EGON
SCHIELE
Egon
Schiele was an Austrian born artist, trained under Gustav Klimt, who
primarily focussed on portraits and who produced a great deal of
self-portraits. He is well known for his unique approach to fthe
figure, in particular his exaggerations of features and thematic
obsessions with sex and death. At times his works were graphic and in
early 1900's Austria he faced censure over the sexually explicit
nature of his paintings, and was briefly imprisoned for having
explicit worrks in his studio that could be visible to children.
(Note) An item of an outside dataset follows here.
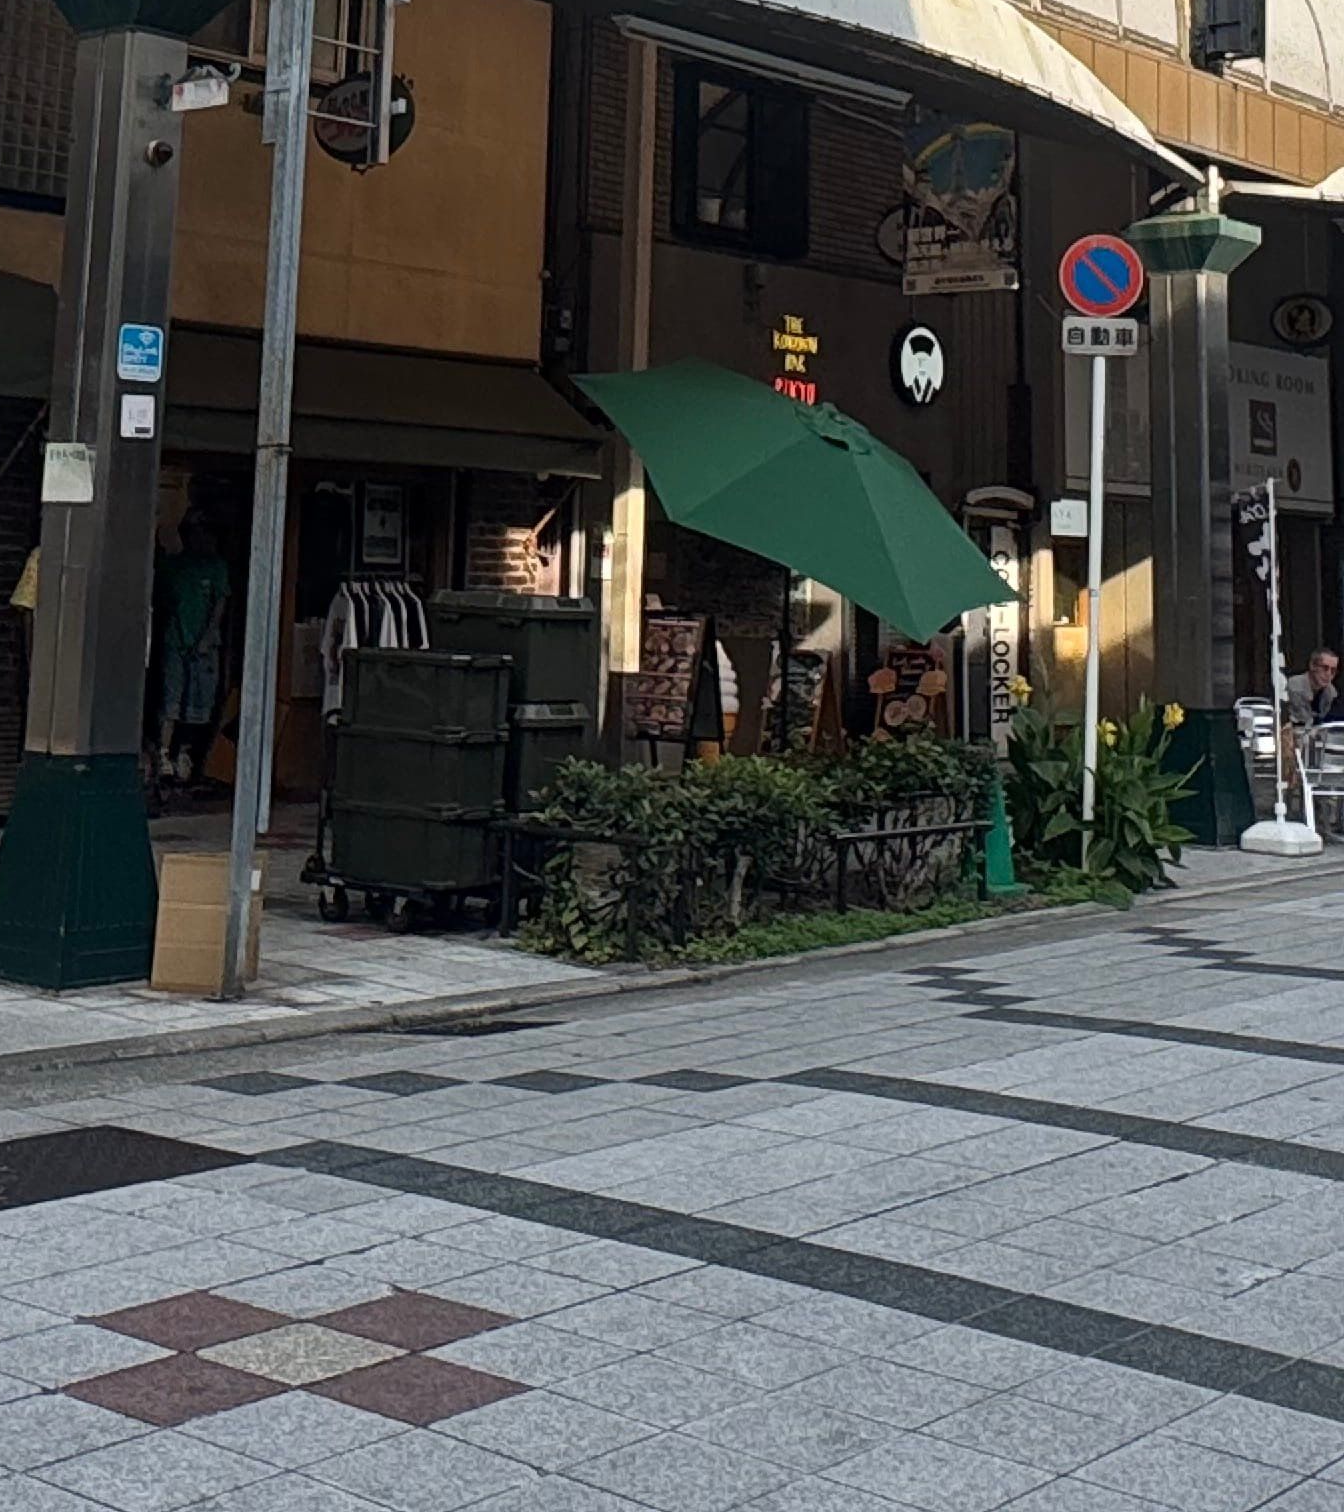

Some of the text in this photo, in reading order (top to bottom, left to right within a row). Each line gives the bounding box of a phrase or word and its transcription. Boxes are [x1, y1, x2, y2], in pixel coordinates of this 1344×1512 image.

[1067, 326, 1134, 348] 自動車
[992, 549, 1010, 725] CO-LOCKER
Infamously, one of his drawings was burned in front of Schiele by the
judge of the trial. Despite this, Schiele found success towards the
end of the First World War in a period in which he is considered to
have been in his prime as an artist. The brutality of the war is
reflected in his uncomfortable, jarring style of physical
representation.
Schiele
died aged 28 during the Spanish flu pandemic in October 1918. Though
he died young, he was a prolific artist and produced hundreds of
works that have come to be widely studied. His unconventional
approach to portraiture is significant in it's contrast to more
traditional styles of the time, and has been influential since.
The
origins of Schieles very stylised approach to representing the figure
are likely influenced by his obsessions with physical vulnerability,
morbidity, sex, and the combinations of all of these facets. His
characters, and particularly in his self portraits, are distorted,
skeletal and look physically broken or sickly. Not all of his works
are as extreme, however, and some of his works, though recognisably
his, do not contain the physical pain present in his self portraits.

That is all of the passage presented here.